Among 63,675 patients with a history of COVID-19, 1724 (2.7%) had a PASC diagnosis. PASC prevalence within three months of infection ranged from 0.18% to 1.8%. The post-COVID-19 PheWAS identified enrichment of all 29 PASC symptoms among cases, with 27 reaching phenome-wide significance. Additional enriched diagnoses included musculoskeletal, infectious, and digestive disorders. The pre-COVID-19 PheWAS identified seven significantly associated phenotypes, including irritable bowel syndrome (IBS), concussion, and nausea/vomiting. The acute-COVID-19 PheWAS identified 69 significantly associated phenotypes, predominantly respiratory and circulatory symptoms. Sensitivity analyses largely supported these findings. Both pre- and acute-COVID-19 PheRSs showed some discriminatory ability but low accuracy in predicting individual-level PASC risk (AAUC < 0.7). However, combined PheRSs identified a quarter of the cohort with a history of COVID-19 with a 3.5-fold increased risk for PASC compared to the bottom 50%. This suggests clinical utility for risk stratification and identification of vulnerable individuals.

This study provides valuable insights into the complex nature of PASC by identifying predisposing and presenting features across different time periods. The findings confirm previously reported associations between pre-existing conditions and PASC risk, such as respiratory symptoms and circulatory diseases. The identification of novel associations, such as IBS and concussion as pre-disposing factors, warrants further investigation. The relatively low accuracy of PheRSs for individual-level prediction highlights the inherent challenges in predicting PASC, potentially due to factors like the heterogeneity of PASC, evolving definitions of PASC, and the limitations of EHR data. The observation that combined PheRSs could effectively stratify risk, however, suggests that these scores may still be valuable tools for identifying high-risk individuals. This identification of a substantial group of individuals at higher risk allows for targeted interventions and protective measures, potentially mitigating PASC burden.

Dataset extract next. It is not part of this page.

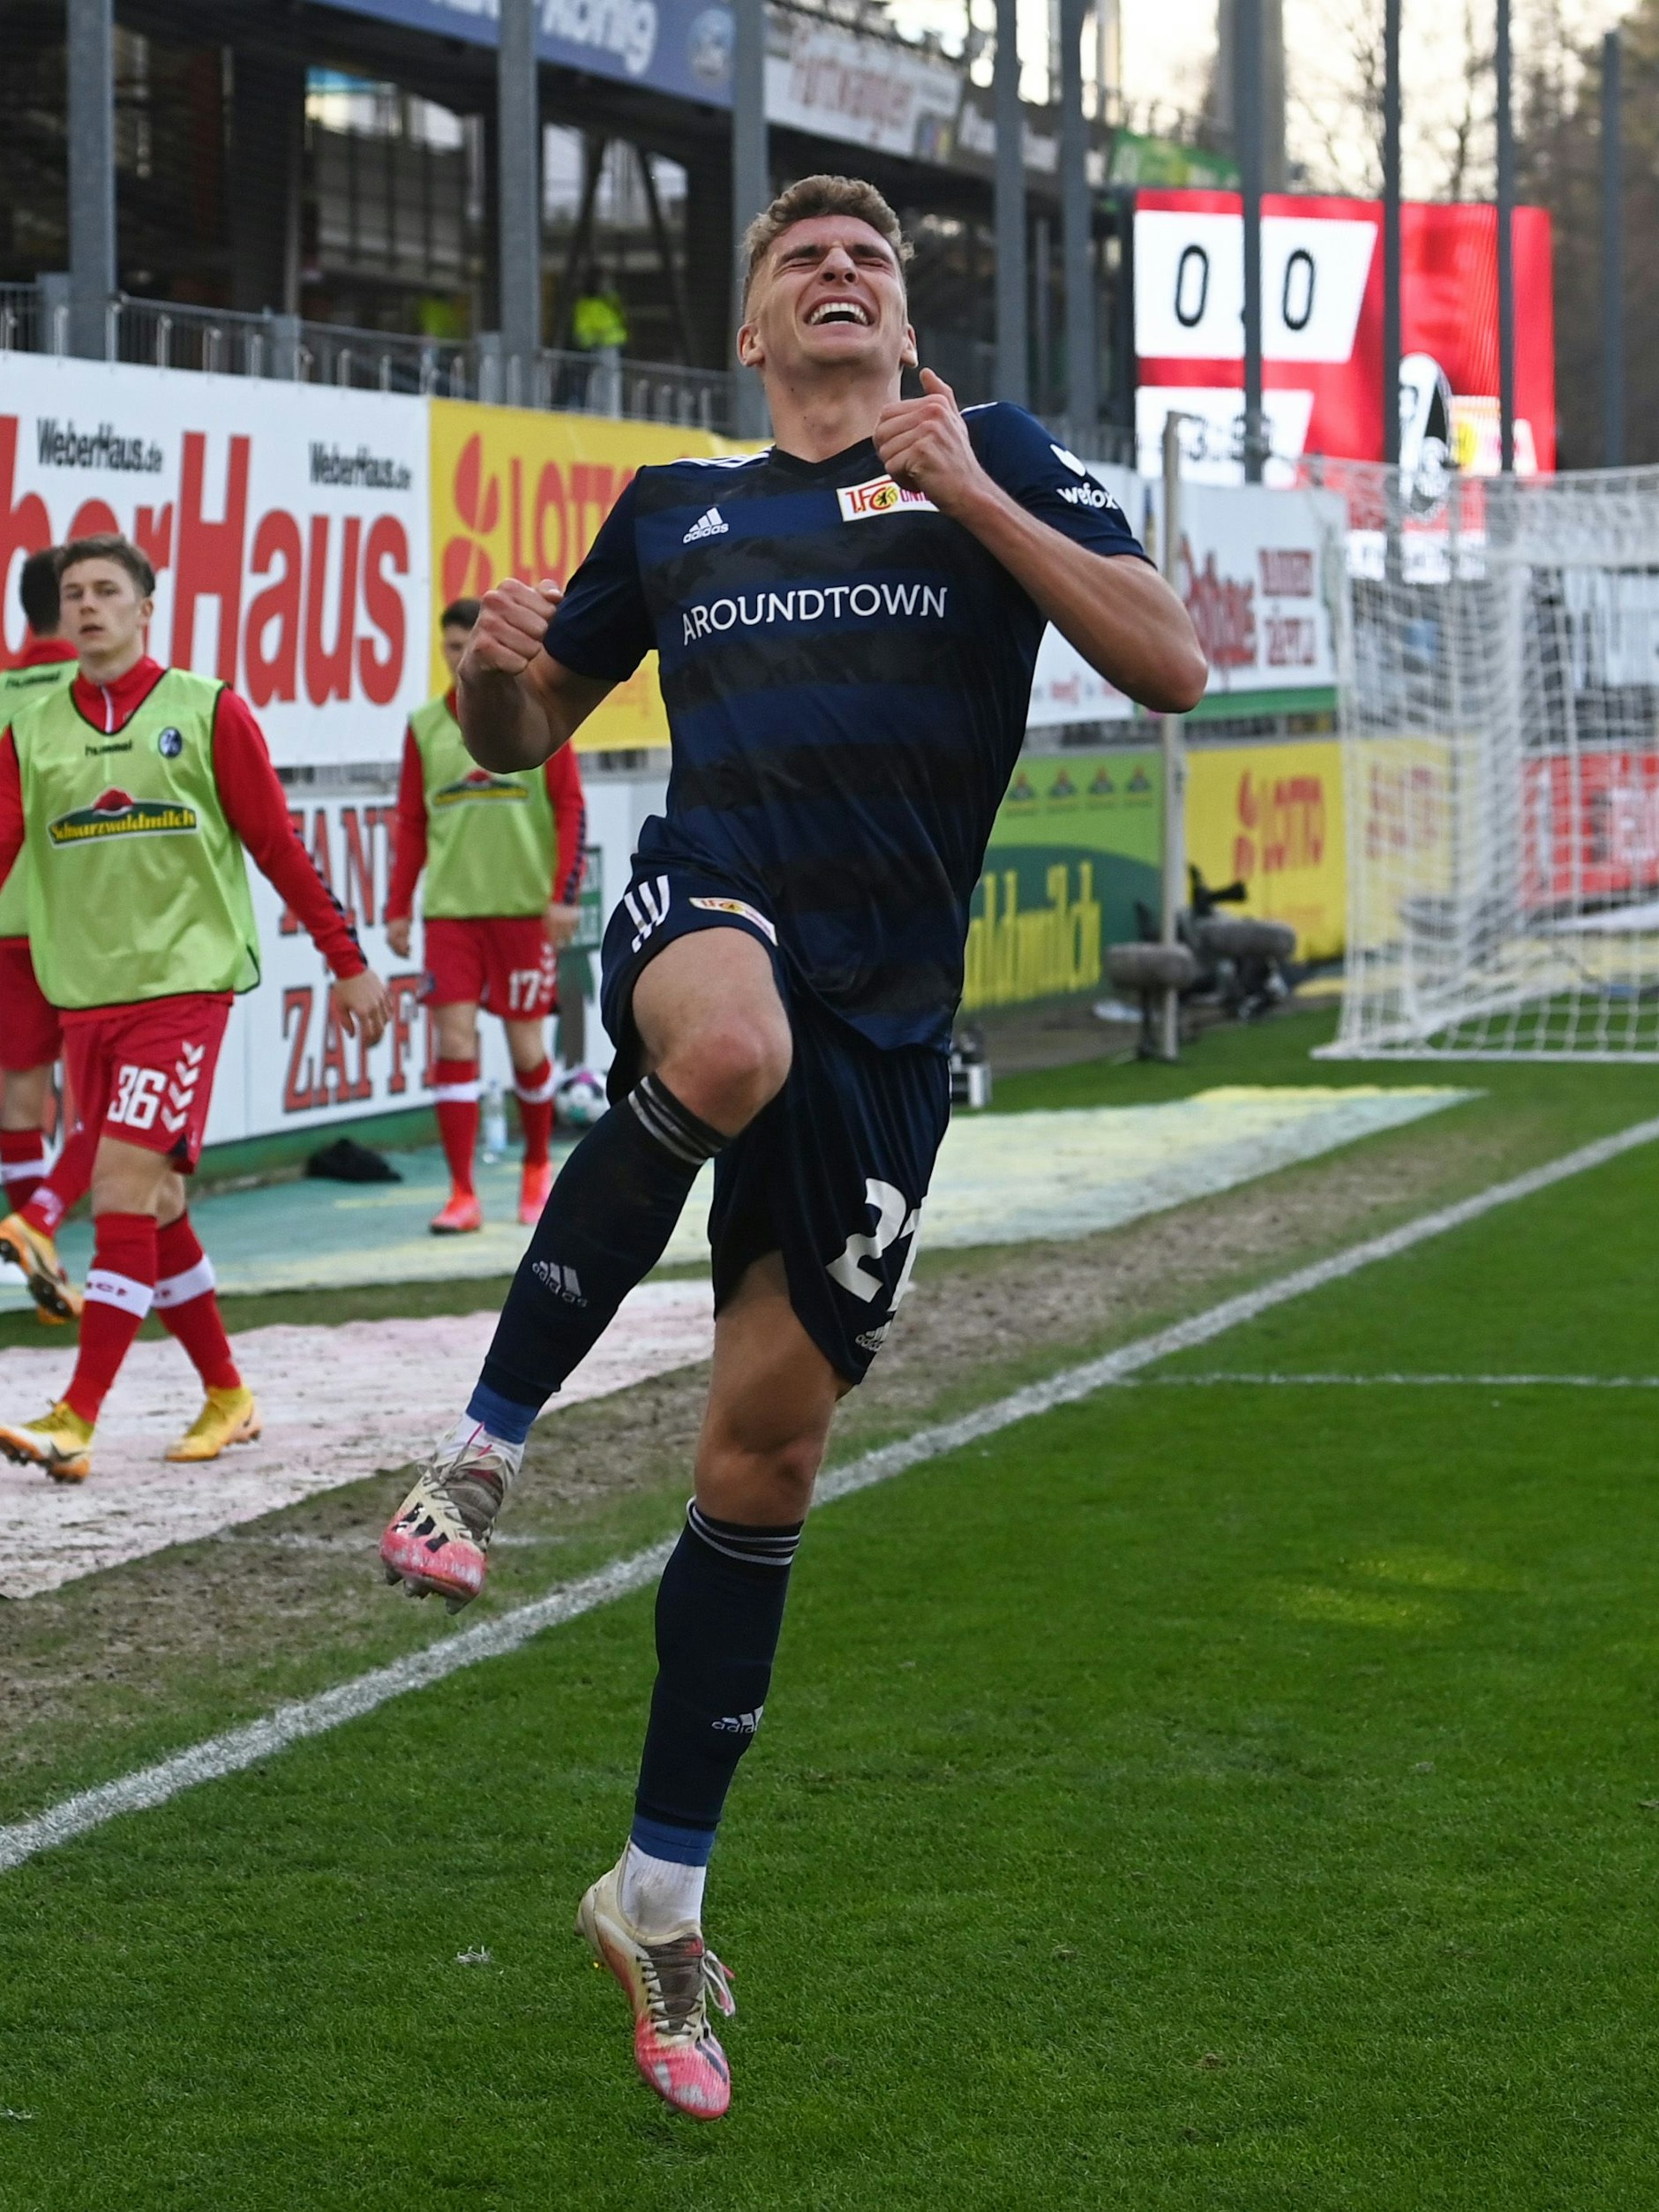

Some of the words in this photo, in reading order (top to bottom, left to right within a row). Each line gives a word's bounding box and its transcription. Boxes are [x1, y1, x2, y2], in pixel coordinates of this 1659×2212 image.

This study identified known and potentially novel pre-disposing conditions for PASC using a PheWAS approach. While the PheRSs demonstrated limited accuracy for individual-level prediction, they show promise for risk stratification. Future research should explore more sophisticated predictive models, incorporate additional data types, and investigate the causal relationships between identified risk factors and PASC development. This could significantly contribute to earlier detection and intervention for PASC.

The study's limitations include the potential for underdiagnosis of PASC due to evolving diagnostic criteria and awareness, selection bias due to focusing on patients seen at Michigan Medicine, and the inherent limitations of EHR data. The relatively low prevalence of PASC in the cohort might have impacted the predictive performance of the models. Further studies with larger, more diverse cohorts and incorporating additional data such as laboratory results and medication information are needed to improve the prediction and understanding of PASC.